+++ Data supplied +++

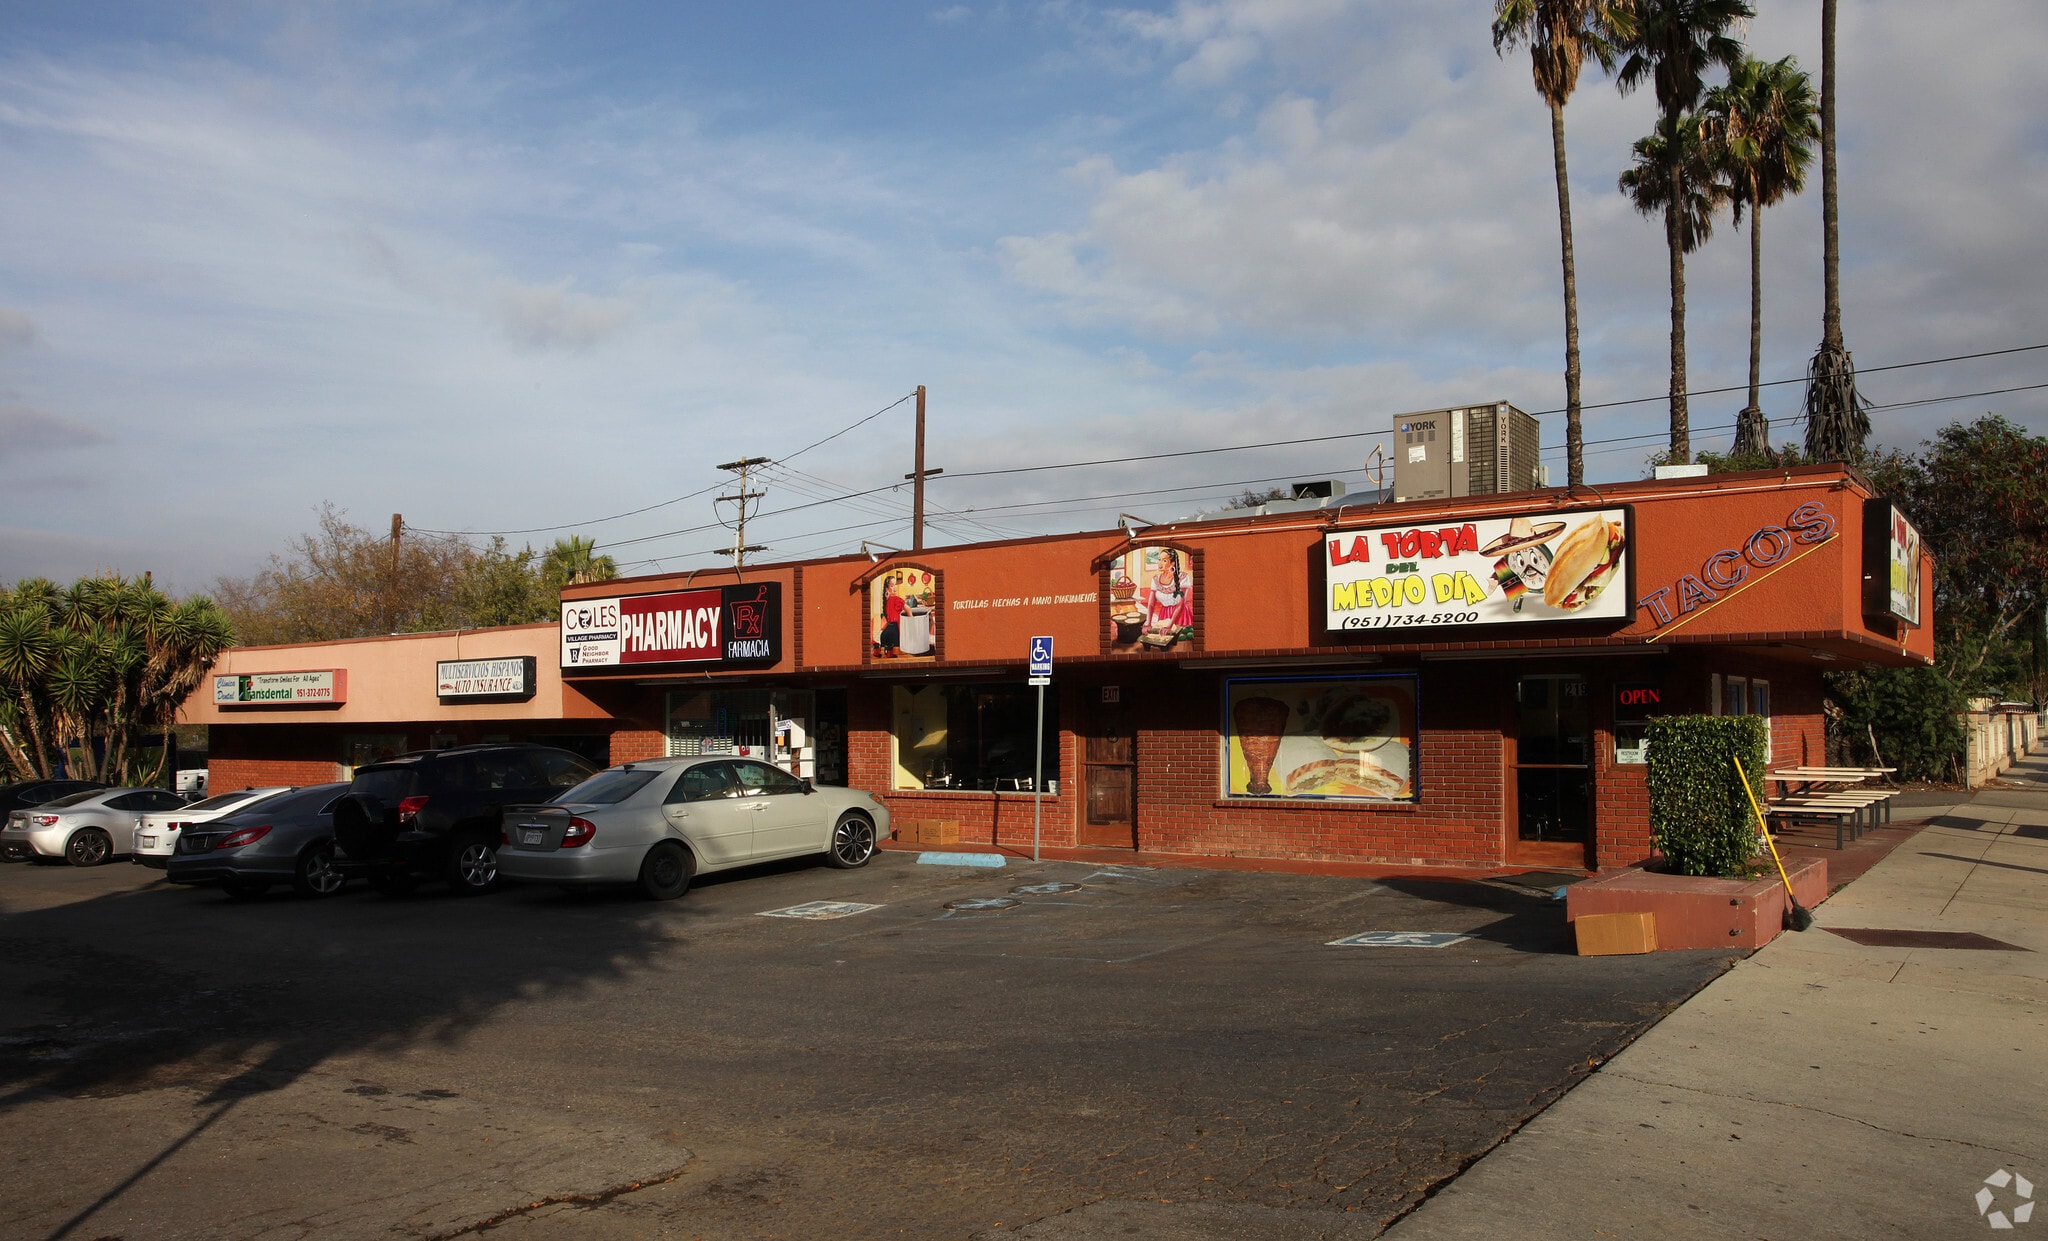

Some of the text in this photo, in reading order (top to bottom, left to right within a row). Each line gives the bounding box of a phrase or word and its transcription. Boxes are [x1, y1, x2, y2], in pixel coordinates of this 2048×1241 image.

[1410, 421, 1436, 431] YORK
[1329, 523, 1478, 567] LA TORTA
[1386, 561, 1419, 574] DEL
[1639, 501, 1836, 624] TACOS
[1333, 574, 1426, 611] MEDIO
[953, 599, 989, 610] TORTILLAS
[992, 597, 1021, 607] HECHAS
[1023, 597, 1029, 606] A
[1032, 595, 1052, 605] MANO
[566, 605, 617, 630] COLES
[589, 632, 617, 641] PHARMACY
[621, 606, 720, 653] PHARMACY
[728, 639, 770, 658] FARMACIA
[441, 660, 523, 680] MULTISERVICIOS HISPANOS
[296, 688, 331, 697] 951-372-0775
[454, 677, 512, 693] AUTO INSURANCE
[217, 690, 235, 700] Dental
[1103, 688, 1118, 701] EXIT
[1620, 689, 1660, 705] OPEN

+++

### Directions
The response should contain every record above exactly as written, and none of the pictures.

### Answer for this exercise
Some of the text in this photo, in reading order (top to bottom, left to right within a row). Each line gives the bounding box of a phrase or word and its transcription. Boxes are [x1, y1, x2, y2], in pixel coordinates of this 2048×1241 image.

[1410, 421, 1436, 431] YORK
[1329, 523, 1478, 567] LA TORTA
[1386, 561, 1419, 574] DEL
[1639, 501, 1836, 624] TACOS
[1333, 574, 1426, 611] MEDIO
[953, 599, 989, 610] TORTILLAS
[992, 597, 1021, 607] HECHAS
[1023, 597, 1029, 606] A
[1032, 595, 1052, 605] MANO
[566, 605, 617, 630] COLES
[589, 632, 617, 641] PHARMACY
[621, 606, 720, 653] PHARMACY
[728, 639, 770, 658] FARMACIA
[441, 660, 523, 680] MULTISERVICIOS HISPANOS
[296, 688, 331, 697] 951-372-0775
[454, 677, 512, 693] AUTO INSURANCE
[217, 690, 235, 700] Dental
[1103, 688, 1118, 701] EXIT
[1620, 689, 1660, 705] OPEN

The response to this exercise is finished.